■ REQUIREMENT
Line by line, give the data again exactly as it appears, but without pictures.

■ SUPPLIED DATA
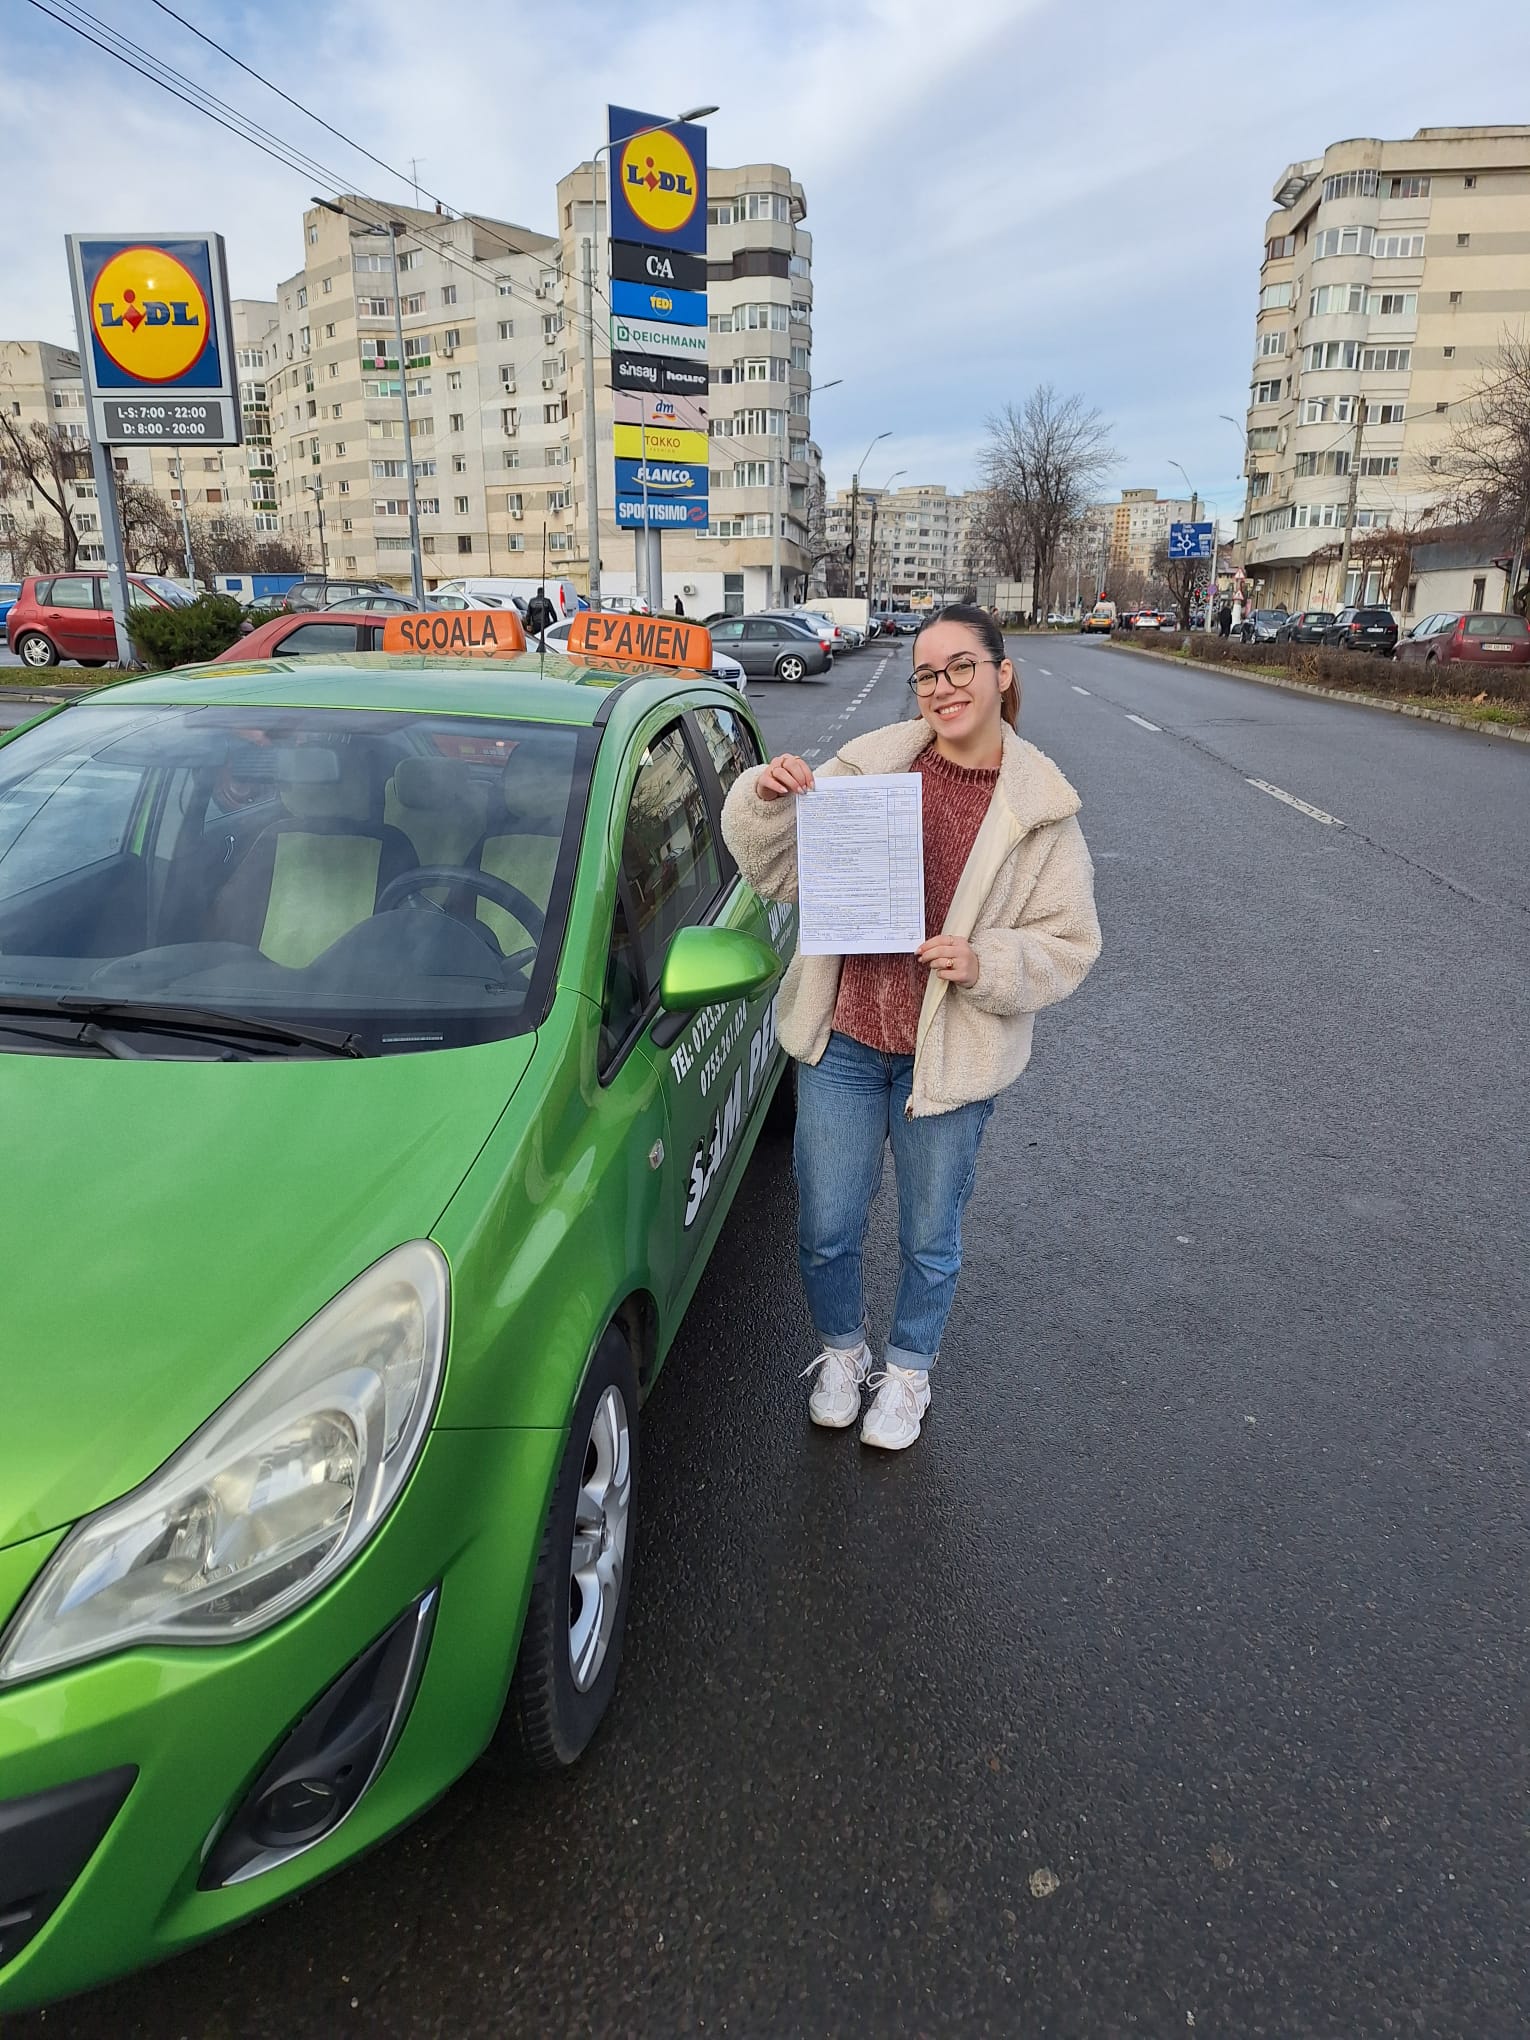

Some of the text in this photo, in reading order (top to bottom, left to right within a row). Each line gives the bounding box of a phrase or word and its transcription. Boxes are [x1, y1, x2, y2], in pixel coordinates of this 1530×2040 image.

[646, 255, 675, 279] C&A
[633, 330, 706, 350] DEICHMANN
[619, 361, 657, 383] sinsay
[118, 407, 138, 419] L-S:
[140, 407, 165, 419] 7:00
[174, 407, 206, 418] 22:00
[656, 399, 674, 413] dm
[122, 423, 136, 435] D:
[138, 423, 163, 435] 8:00
[172, 423, 205, 434] 20:00
[637, 467, 690, 483] FLANCO
[401, 614, 498, 650] SCOALA
[584, 617, 690, 661] EXAMEN
[700, 998, 747, 1097] 0755.261.024
[670, 1042, 694, 1085] TEL:
[684, 1064, 743, 1227] SAM

■ SOLUTION TO THIS TASK
Some of the text in this photo, in reading order (top to bottom, left to right within a row). Each line gives the bounding box of a phrase or word and its transcription. Boxes are [x1, y1, x2, y2], in pixel coordinates of this 1530×2040 image.

[646, 255, 675, 279] C&A
[633, 330, 706, 350] DEICHMANN
[619, 361, 657, 383] sinsay
[118, 407, 138, 419] L-S:
[140, 407, 165, 419] 7:00
[174, 407, 206, 418] 22:00
[656, 399, 674, 413] dm
[122, 423, 136, 435] D:
[138, 423, 163, 435] 8:00
[172, 423, 205, 434] 20:00
[637, 467, 690, 483] FLANCO
[401, 614, 498, 650] SCOALA
[584, 617, 690, 661] EXAMEN
[700, 998, 747, 1097] 0755.261.024
[670, 1042, 694, 1085] TEL:
[684, 1064, 743, 1227] SAM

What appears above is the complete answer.